The US Department of Labor’s Wage and Hour Division on Feb. 8 announced a Warehouse and Logistics Worker initiative designed to help safeguard the rights and ensure protection of workers in these industries, including delivery drivers and truck drivers. The initiative will also target misclassification of employees as independent contractors, which the department said is a “common occurrence” in both industries.
The initiative aims to make sure those in the two industries are paid all their legally earned wages, including minimum and overtime; are safe from workplace harassment and retaliation when they claim their rights; and are not prevented from taking time off from work under the Family and Medical Leave Act.
According to the Labor Department, problems and misconceptions which Wage and Hour investigations commonly disclose in the wholesale and warehouse industry include:
- The misapplication of the executive or administrative exemptions to non-exempt persons, such as clerical workers, working foremen, dispatchers and inside salespersons.
- Employment of underage minors, especially in the operation of forklifts and paper balers.

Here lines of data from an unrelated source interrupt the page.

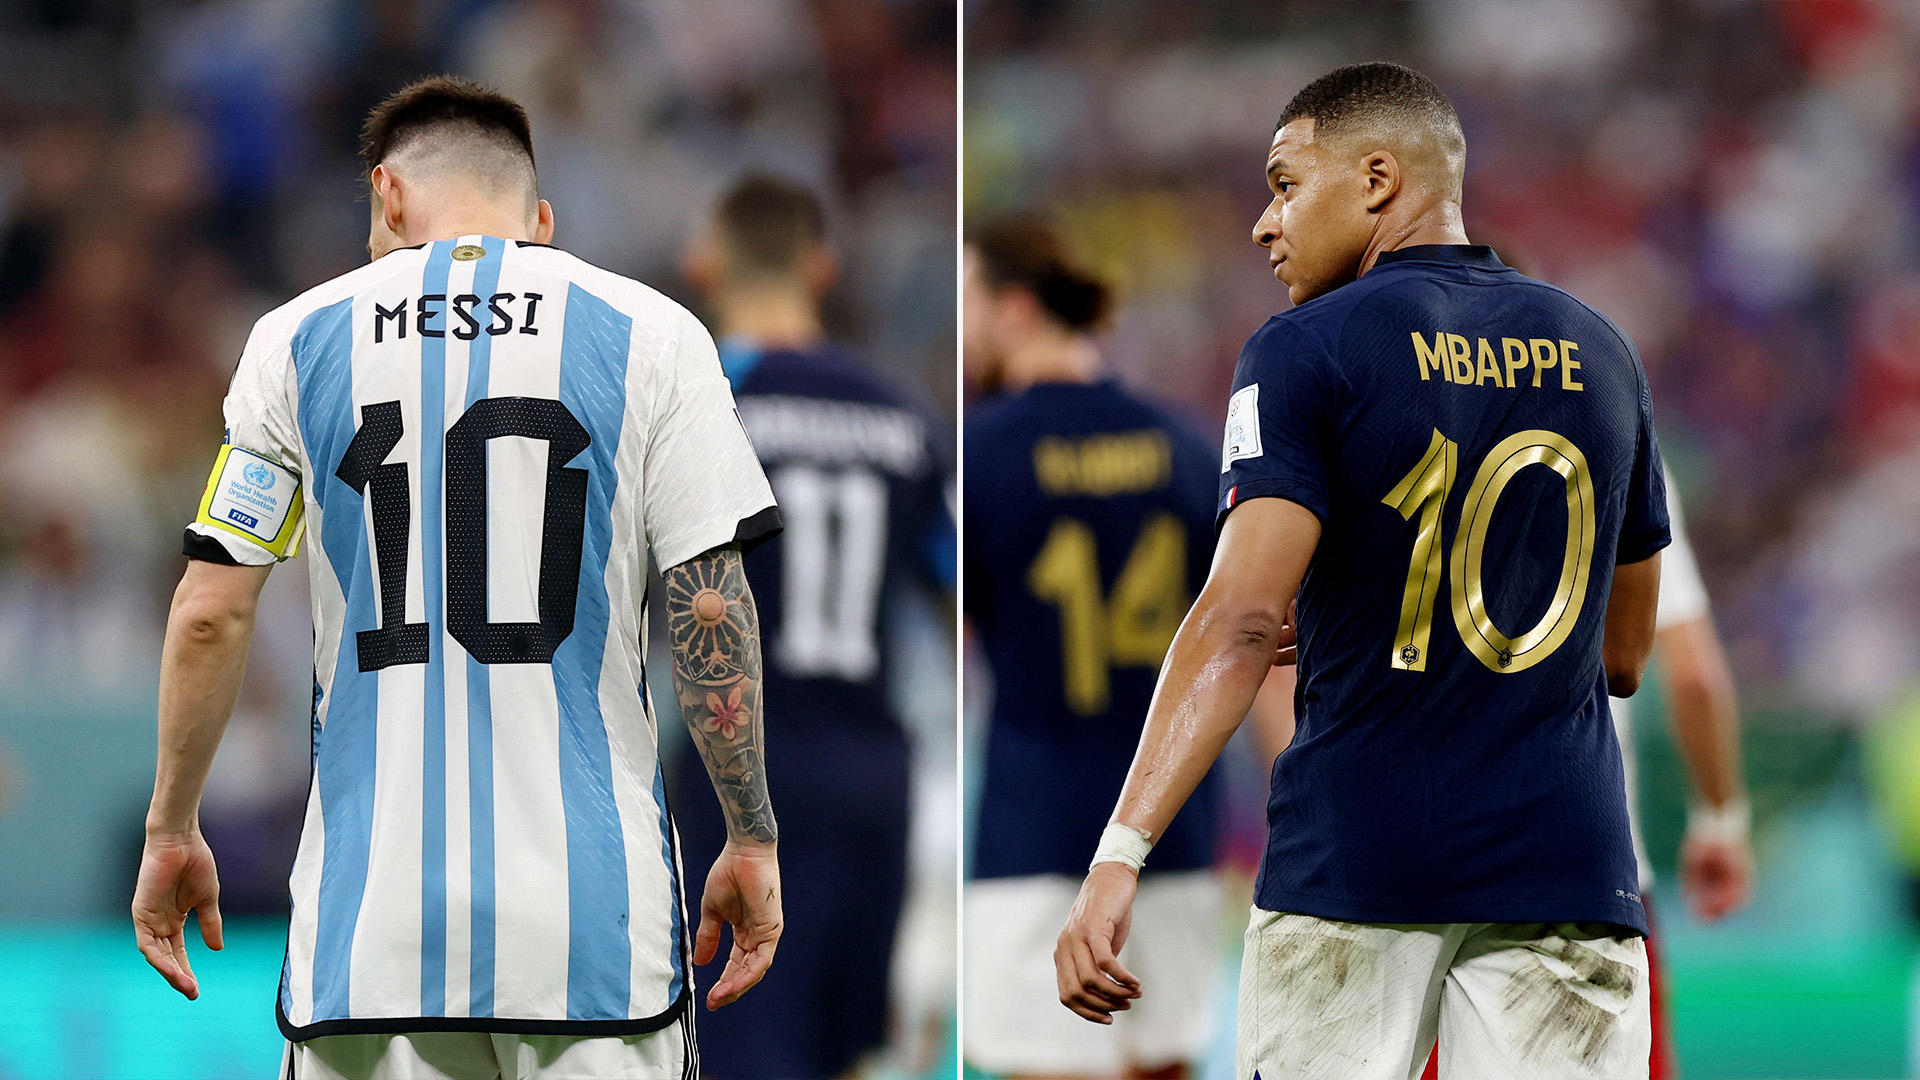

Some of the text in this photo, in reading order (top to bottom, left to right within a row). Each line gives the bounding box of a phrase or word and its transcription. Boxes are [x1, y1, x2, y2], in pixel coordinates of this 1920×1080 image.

[375, 292, 543, 343] MESSI
[1410, 331, 1584, 391] MBAPPE
[228, 488, 275, 513] Organization
[231, 480, 277, 506] World Health
[231, 511, 252, 525] FIFA
[335, 396, 591, 672] 10
[1381, 427, 1595, 674] 10
[779, 468, 887, 680] 11
[1029, 513, 1187, 715] 14

- The misconception that salaried employees need not be paid overtime.
- Failure to pay employees for all hours suffered or permitted to work, including time spent taking inventory, completing paperwork, etc., beyond the normal schedule.
- Failure to maintain time records on salaried or piece-rate employees.
- Giving compensatory time off in lieu of overtime pay.
- Considering certain employees to be “contract labor” and thus, not covered by the Fair Labor Standards Act’s provisions.
- Deductions made for reasons other than board, lodging, etc., in overtime work weeks.
“The pandemic highlighted the vital role warehouse workers, delivery drivers, truck drivers and others in the warehousing and logistics industries play in supporting our nation’s homes, businesses and economy,” said Acting Wage and Hour Division Administrator Jessica Looman. “These essential workers ensure medical supplies, construction materials, food and clothing, and many other necessities of daily life arrive where they are needed, and the Wage and Hour Division will use all of its tools to ensure employers comply with federal labor laws and pay workers their hard-earned wages.”
The initiative will use education, outreach and “vigorous enforcement” to increase compliance and reduce industry violations. It will also identify key stakeholders — such as worker advocacy groups, employers and employer organizations — to aid in the initiative, according to the department.